Mandy, who has never hidden a single emotion or expression, now looks at me with sad eyes, pursed lips. She tells me resolutely, “We’ll do everything we can.”
“Oh, I know that. I have no complaints about my lawyers, believe me.”
“And I’m not a stranger.”
“No, you’re not.” I smile at her, suddenly sorry that I have cast a pall on the evening. She leans back on the couch and crosses a leg. We stare out toward the window, like two teenage kids staring up at the stars, waiting for a surprisingly awkward moment to pass. No, Mandy, you’re not a stranger.
“Tell me something you’ve never told anyone else,” I say to her.
She smiles.
“If that’s possible,” I add.
A wider smile, a turn of the head. “I tend to run on a little, don’t I?”
“No, no. I like that.”
She sips her wine and mulls this over. This makes a good two and a half bottles we have shared, and any inhibitions Mandy might possibly possess have vanished by now.
She turns to me, leaning on a cushion with her elbow. “You asked me once why I left the County Attorney’s Office.”
“‘Change of scenery,’” I say, repeating her words.
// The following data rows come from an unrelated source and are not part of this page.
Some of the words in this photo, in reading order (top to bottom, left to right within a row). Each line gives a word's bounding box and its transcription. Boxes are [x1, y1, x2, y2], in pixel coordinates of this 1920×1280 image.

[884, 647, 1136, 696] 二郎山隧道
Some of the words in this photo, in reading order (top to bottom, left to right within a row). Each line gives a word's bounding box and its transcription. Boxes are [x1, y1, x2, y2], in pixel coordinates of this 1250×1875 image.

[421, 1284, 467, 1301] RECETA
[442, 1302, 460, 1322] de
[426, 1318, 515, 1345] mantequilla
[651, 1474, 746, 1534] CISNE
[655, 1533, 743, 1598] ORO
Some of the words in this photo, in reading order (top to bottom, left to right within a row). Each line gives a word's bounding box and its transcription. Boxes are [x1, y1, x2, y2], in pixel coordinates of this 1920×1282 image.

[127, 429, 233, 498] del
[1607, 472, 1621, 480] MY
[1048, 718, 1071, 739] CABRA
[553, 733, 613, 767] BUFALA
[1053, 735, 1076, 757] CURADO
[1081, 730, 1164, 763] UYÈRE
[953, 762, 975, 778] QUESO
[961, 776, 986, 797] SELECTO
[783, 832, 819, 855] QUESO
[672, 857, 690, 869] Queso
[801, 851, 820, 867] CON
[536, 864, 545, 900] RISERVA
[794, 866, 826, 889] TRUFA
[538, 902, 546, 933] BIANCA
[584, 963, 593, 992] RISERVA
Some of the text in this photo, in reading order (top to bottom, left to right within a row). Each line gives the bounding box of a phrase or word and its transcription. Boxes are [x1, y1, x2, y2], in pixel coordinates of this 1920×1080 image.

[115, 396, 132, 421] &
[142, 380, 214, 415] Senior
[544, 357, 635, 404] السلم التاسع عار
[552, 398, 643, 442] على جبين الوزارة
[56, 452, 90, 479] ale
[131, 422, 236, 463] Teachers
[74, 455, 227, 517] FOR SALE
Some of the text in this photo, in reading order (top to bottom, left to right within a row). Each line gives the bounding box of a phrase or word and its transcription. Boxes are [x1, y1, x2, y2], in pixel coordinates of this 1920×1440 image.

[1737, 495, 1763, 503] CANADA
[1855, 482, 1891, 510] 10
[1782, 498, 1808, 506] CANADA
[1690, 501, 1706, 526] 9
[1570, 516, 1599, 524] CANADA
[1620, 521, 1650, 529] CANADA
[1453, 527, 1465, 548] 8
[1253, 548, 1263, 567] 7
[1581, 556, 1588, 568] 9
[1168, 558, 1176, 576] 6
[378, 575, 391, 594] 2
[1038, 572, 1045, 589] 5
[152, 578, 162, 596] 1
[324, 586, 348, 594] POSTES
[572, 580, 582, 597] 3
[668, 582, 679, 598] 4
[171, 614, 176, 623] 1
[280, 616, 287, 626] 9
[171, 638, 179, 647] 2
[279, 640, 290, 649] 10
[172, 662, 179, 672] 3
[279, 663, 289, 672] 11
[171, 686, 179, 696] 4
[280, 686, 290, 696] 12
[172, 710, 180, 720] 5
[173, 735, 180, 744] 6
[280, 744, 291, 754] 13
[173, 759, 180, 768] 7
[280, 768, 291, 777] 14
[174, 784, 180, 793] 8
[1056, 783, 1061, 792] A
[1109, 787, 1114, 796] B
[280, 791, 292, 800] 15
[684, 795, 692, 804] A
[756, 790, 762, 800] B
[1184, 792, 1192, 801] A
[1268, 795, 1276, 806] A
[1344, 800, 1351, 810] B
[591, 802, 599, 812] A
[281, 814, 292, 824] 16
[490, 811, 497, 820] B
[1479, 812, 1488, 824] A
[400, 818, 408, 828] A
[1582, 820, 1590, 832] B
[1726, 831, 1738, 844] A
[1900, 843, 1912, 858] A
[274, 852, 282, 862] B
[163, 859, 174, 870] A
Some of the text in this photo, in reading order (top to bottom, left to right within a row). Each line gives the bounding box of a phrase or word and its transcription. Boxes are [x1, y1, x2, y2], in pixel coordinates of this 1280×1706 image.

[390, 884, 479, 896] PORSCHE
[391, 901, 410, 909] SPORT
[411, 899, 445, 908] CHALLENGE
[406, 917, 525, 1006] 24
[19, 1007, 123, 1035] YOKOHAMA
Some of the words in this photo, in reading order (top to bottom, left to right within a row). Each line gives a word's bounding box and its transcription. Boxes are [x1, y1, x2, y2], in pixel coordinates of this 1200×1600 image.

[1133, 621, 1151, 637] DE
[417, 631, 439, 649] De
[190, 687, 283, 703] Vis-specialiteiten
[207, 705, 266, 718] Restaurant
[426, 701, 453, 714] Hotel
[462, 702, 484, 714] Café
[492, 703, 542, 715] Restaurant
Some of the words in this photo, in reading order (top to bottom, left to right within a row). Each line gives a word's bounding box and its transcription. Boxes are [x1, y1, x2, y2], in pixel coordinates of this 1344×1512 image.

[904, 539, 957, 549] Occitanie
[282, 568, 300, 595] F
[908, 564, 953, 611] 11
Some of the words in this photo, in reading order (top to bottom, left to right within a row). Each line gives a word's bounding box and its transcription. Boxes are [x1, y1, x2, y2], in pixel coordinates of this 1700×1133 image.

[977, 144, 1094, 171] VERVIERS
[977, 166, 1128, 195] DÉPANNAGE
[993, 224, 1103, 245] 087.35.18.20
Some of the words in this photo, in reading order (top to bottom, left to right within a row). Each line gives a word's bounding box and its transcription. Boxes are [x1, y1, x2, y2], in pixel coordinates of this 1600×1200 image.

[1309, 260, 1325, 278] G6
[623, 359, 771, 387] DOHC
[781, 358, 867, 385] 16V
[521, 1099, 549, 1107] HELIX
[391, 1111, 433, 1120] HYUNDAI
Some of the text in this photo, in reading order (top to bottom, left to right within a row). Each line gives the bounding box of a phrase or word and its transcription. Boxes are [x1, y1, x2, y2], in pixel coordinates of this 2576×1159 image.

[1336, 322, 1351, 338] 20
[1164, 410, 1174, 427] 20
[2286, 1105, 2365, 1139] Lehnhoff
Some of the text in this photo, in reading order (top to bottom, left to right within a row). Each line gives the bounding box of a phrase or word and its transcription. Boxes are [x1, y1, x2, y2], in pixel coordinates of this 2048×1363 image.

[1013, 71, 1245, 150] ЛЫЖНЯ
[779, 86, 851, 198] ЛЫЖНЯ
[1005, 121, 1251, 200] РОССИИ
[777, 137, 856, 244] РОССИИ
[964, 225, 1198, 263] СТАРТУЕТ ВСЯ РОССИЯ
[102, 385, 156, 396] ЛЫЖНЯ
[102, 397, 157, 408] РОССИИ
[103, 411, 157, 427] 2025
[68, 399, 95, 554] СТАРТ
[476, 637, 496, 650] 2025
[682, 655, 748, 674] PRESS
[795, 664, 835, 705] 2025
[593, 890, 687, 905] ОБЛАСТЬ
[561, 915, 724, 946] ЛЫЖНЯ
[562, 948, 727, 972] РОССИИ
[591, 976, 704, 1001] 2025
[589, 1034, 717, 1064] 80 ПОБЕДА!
“Yeah, well.” She lifts her glass and takes a sip. Her face grows tense, her eyes glazing over with a haunted stare. Then her stare breaks; she blinks and looks into her drink. “I’ve tried all these cases, right? And sometimes, I’m not entirely sure the guy’s the guy. Don’t get me wrong, ninety-five percent of the cases, I have no doubt in my mind. None. But that still leaves five percent, you know? I’ve got more than probable cause, but I have some doubt. You know, maybe this guy got himself in a pickle, tried to b.s. his way out, one-upped the coppers one time too many and found himself on the wrong side of a charge. What’s one street punk from another anyway? Right? They didn’t do this one, they probably did a lotta others they walked from. Right? The great equalizer.”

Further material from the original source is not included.